What is required: An exact transcript of every entry is required, without any of the pictures.

Given records:
________________

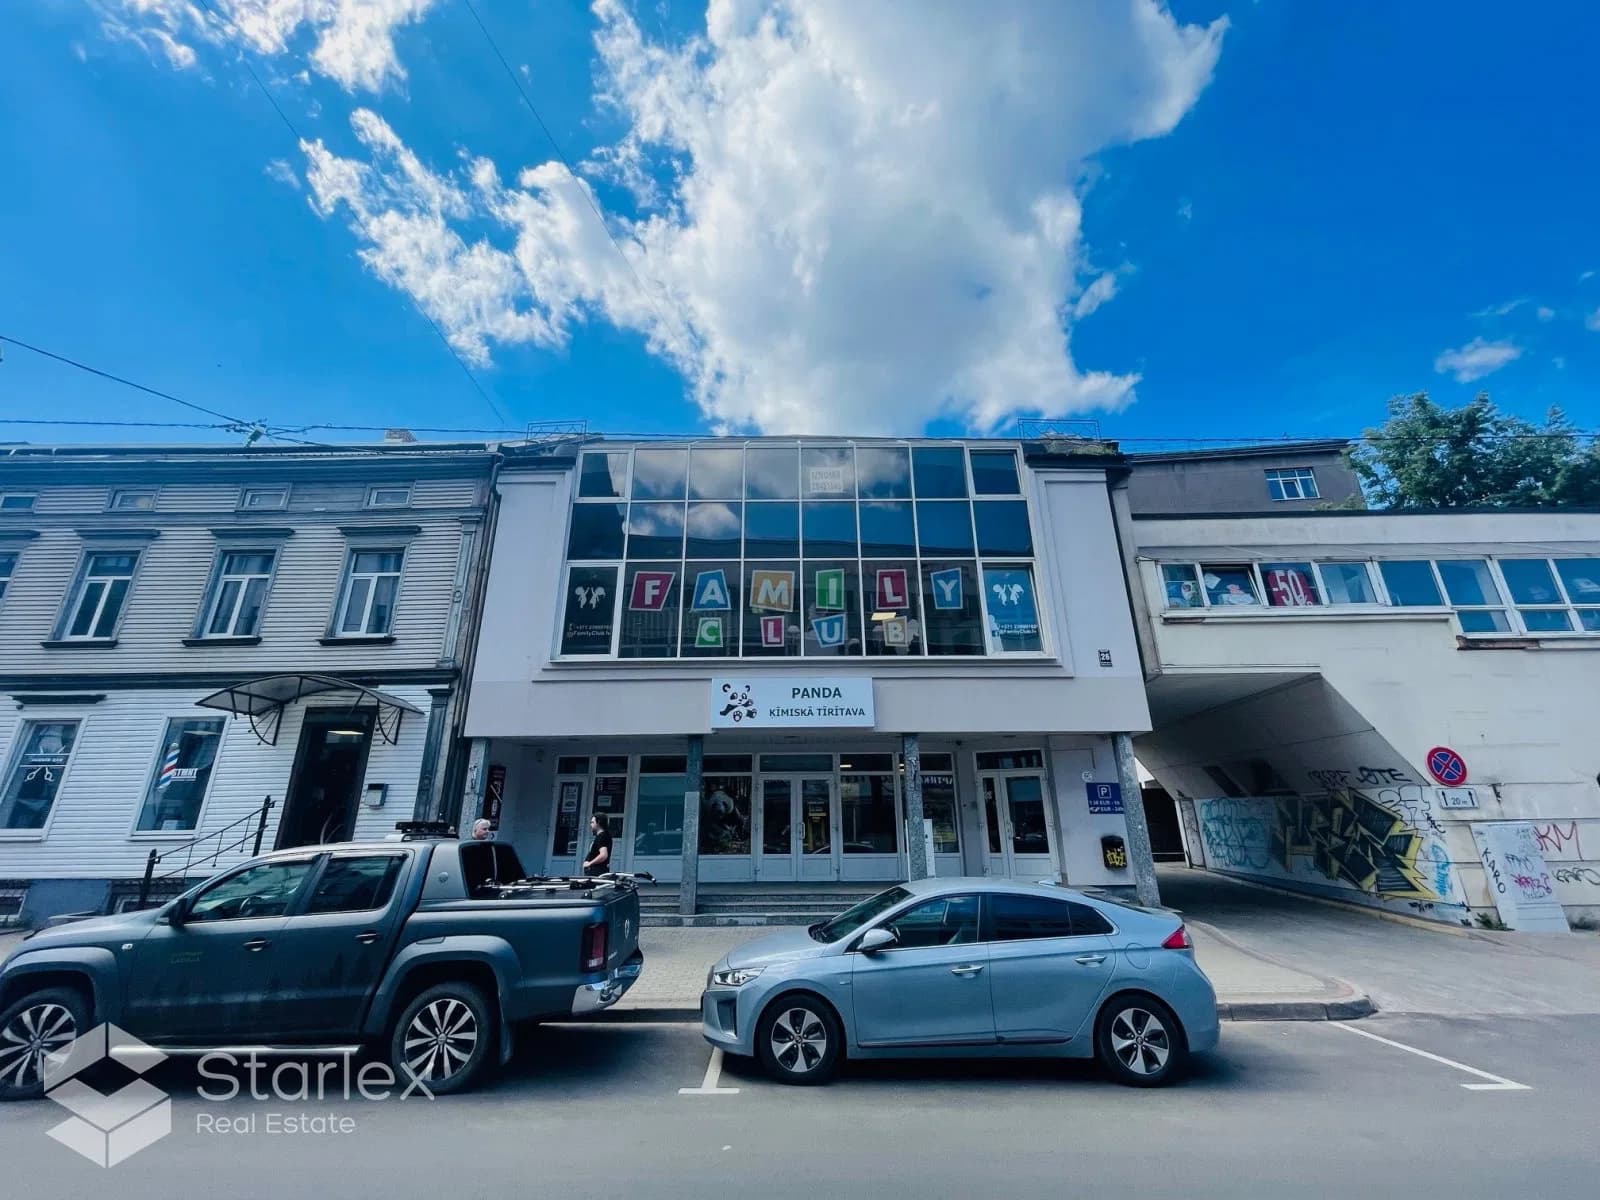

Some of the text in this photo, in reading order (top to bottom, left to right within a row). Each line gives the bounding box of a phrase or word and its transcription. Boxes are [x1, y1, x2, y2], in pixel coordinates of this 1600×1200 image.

[644, 577, 958, 605] FAMILY
[700, 620, 905, 643] CLUB
[791, 687, 843, 699] PANDA
[769, 705, 866, 719] ĶĪMISKĀ TĪRĪTAVA
[1451, 797, 1461, 805] 20
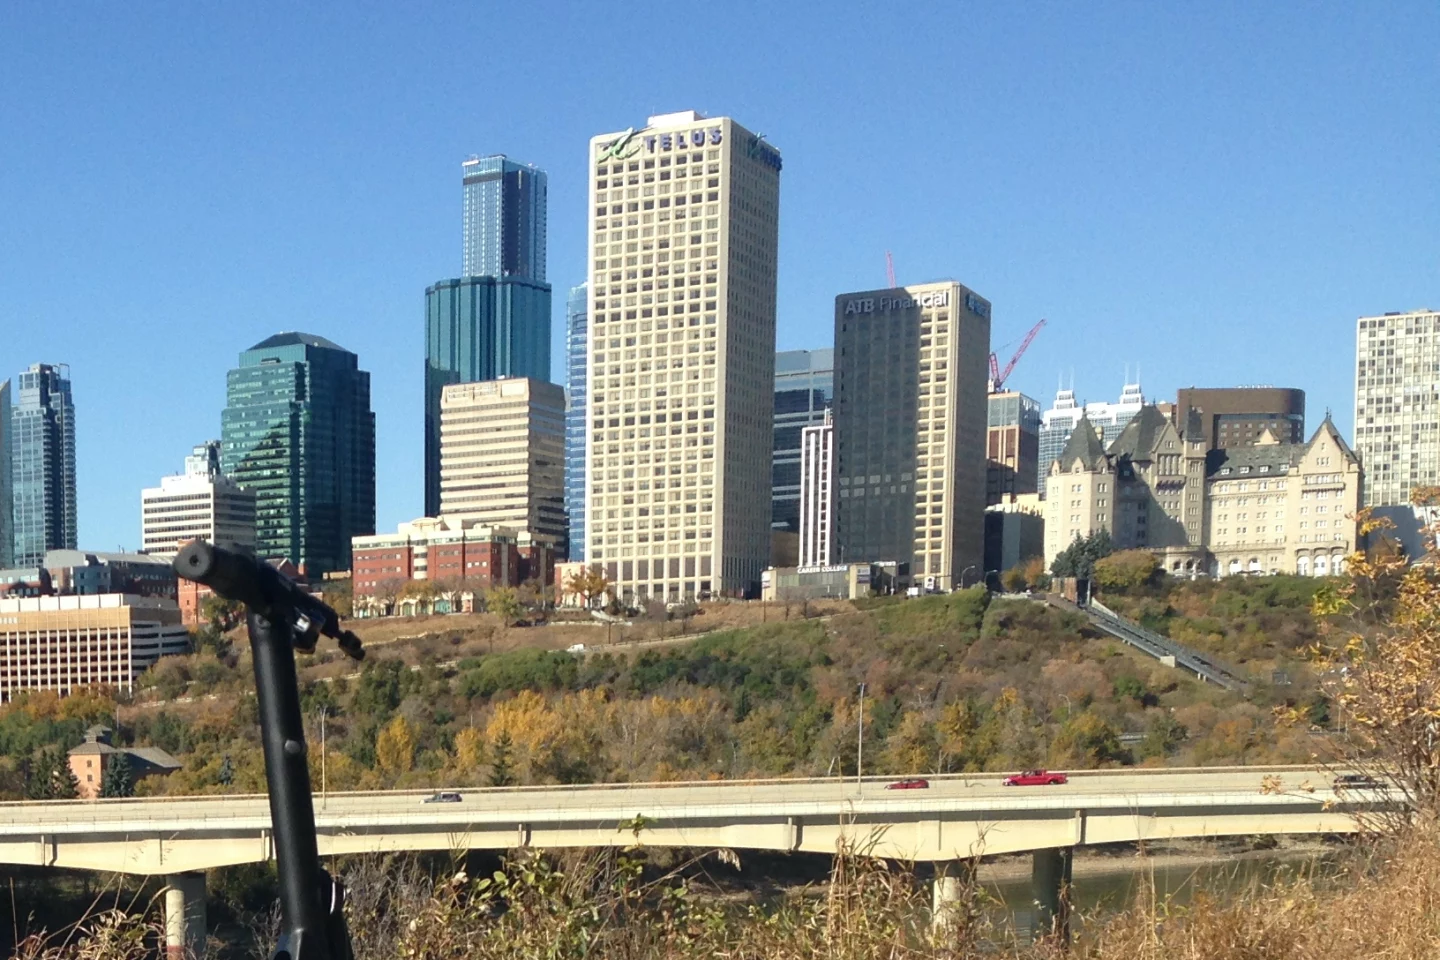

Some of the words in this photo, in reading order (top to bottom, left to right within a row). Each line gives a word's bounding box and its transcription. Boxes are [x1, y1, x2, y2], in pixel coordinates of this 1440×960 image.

________________

Response to this exercise:
Some of the text in this photo, in reading order (top to bottom, left to right within a row). Each line gives the bounding box of a phrase or word and its transcription. Boxes are [x1, y1, x2, y2], in pixel coordinates of this 1600×1200 image.

[644, 577, 958, 605] FAMILY
[700, 620, 905, 643] CLUB
[791, 687, 843, 699] PANDA
[769, 705, 866, 719] ĶĪMISKĀ TĪRĪTAVA
[1451, 797, 1461, 805] 20

Some of the words in this photo, in reading order (top to bottom, left to right within a row). Each line gives a word's bounding box and its transcription. Boxes are [x1, y1, x2, y2], in pixel coordinates of this 1440×960 image.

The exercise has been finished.